ACTION ITEM -
Could the data below be printed out exactly, with the pictures left out?

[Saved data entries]
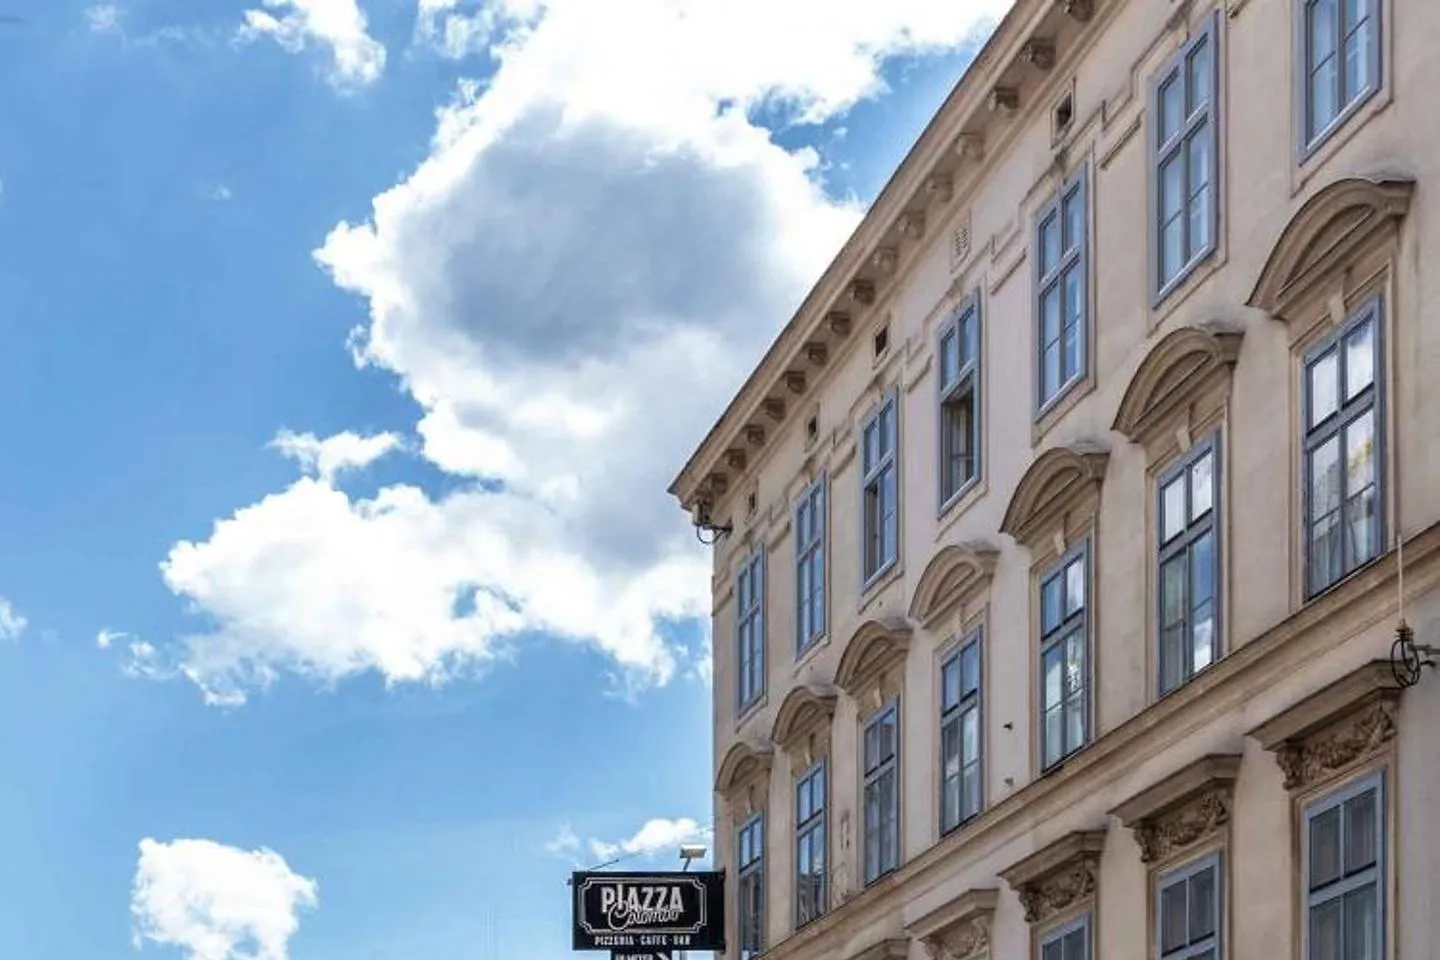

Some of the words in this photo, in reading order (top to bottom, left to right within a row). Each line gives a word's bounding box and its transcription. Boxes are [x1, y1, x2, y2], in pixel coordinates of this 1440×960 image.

[601, 883, 684, 914] PIAZZA
[594, 933, 635, 946] PIZZERIA
[673, 933, 691, 946] BAR
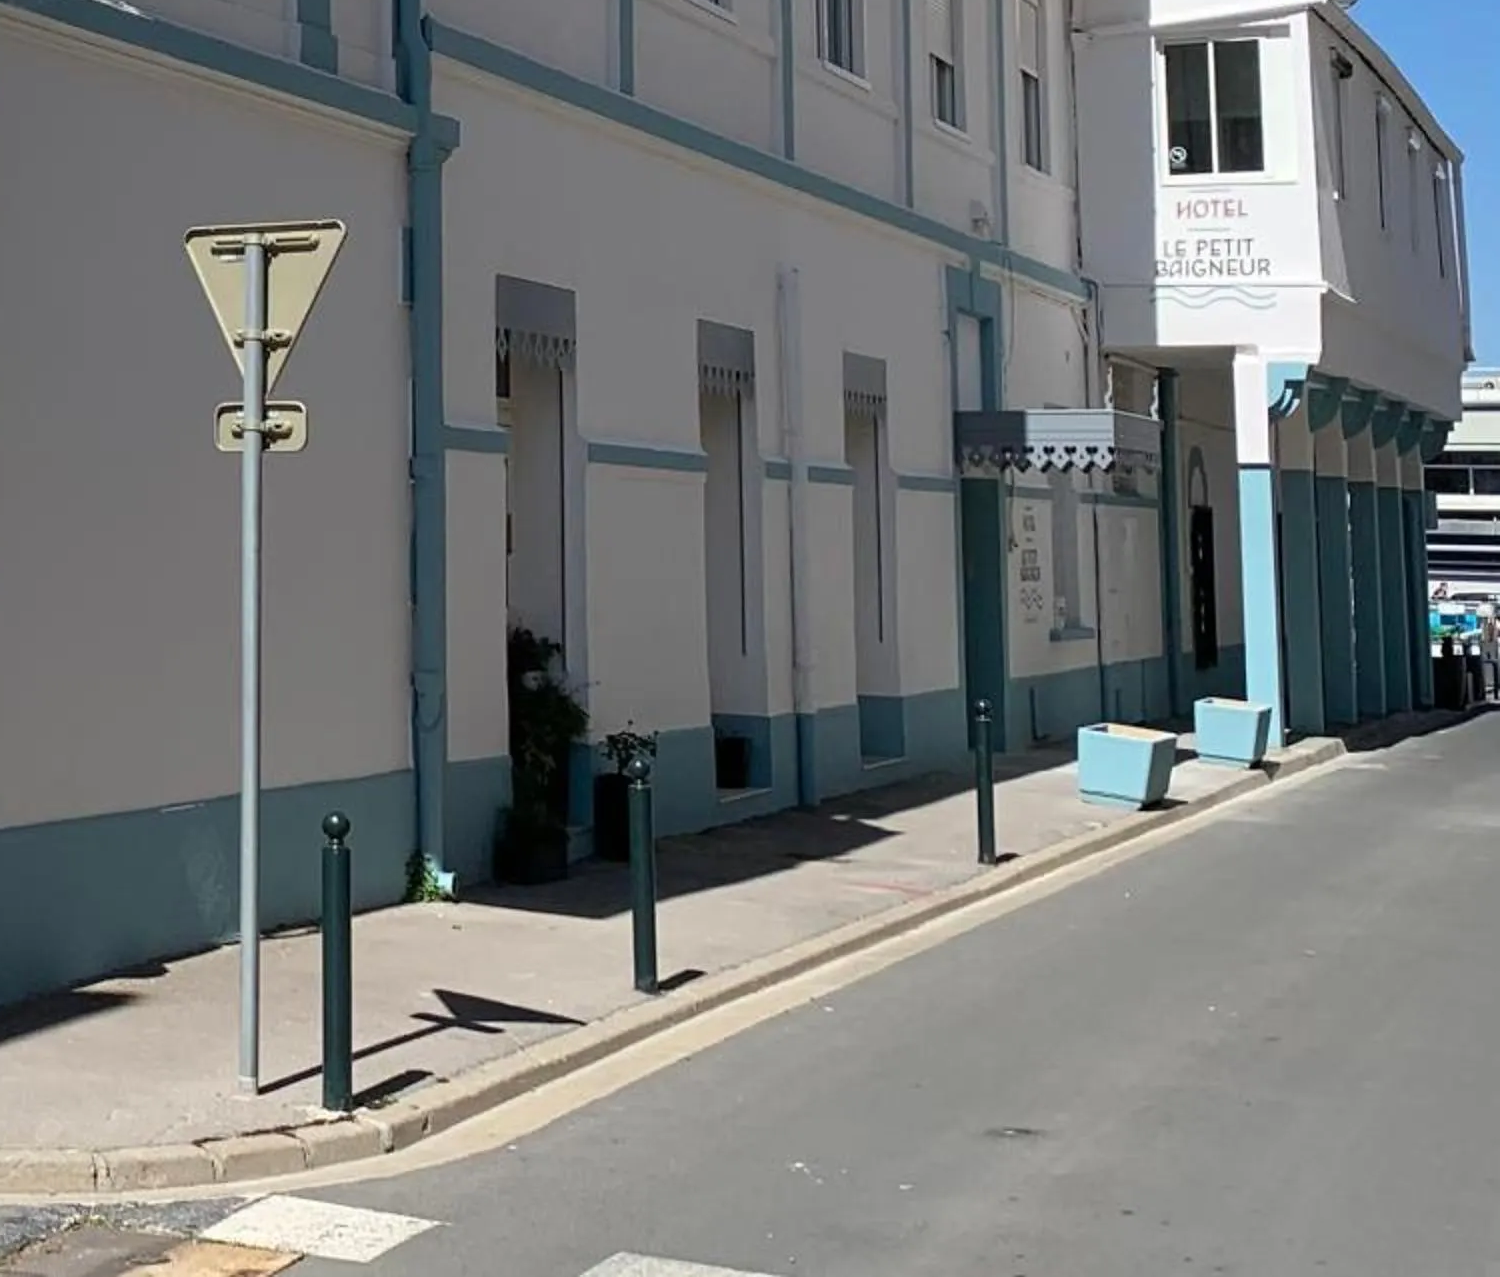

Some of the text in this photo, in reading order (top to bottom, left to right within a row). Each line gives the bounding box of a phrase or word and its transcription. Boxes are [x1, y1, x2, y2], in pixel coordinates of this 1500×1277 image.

[1176, 199, 1249, 219] HOTEL
[1163, 238, 1255, 258] LE PETIT
[1155, 258, 1271, 277] BAIGNEUR

RESULT OF THE EXERCISE -
Some of the words in this photo, in reading order (top to bottom, left to right within a row). Each line gives a word's bounding box and its transcription. Boxes are [x1, y1, x2, y2], in pixel coordinates of this 1440×960 image.

[601, 883, 684, 914] PIAZZA
[594, 933, 635, 946] PIZZERIA
[673, 933, 691, 946] BAR

Some of the text in this photo, in reading order (top to bottom, left to right within a row). Each line gives the bounding box of a phrase or word and its transcription. Boxes are [x1, y1, x2, y2], in pixel coordinates of this 1500×1277 image.

[1176, 199, 1249, 219] HOTEL
[1163, 238, 1255, 258] LE PETIT
[1155, 258, 1271, 277] BAIGNEUR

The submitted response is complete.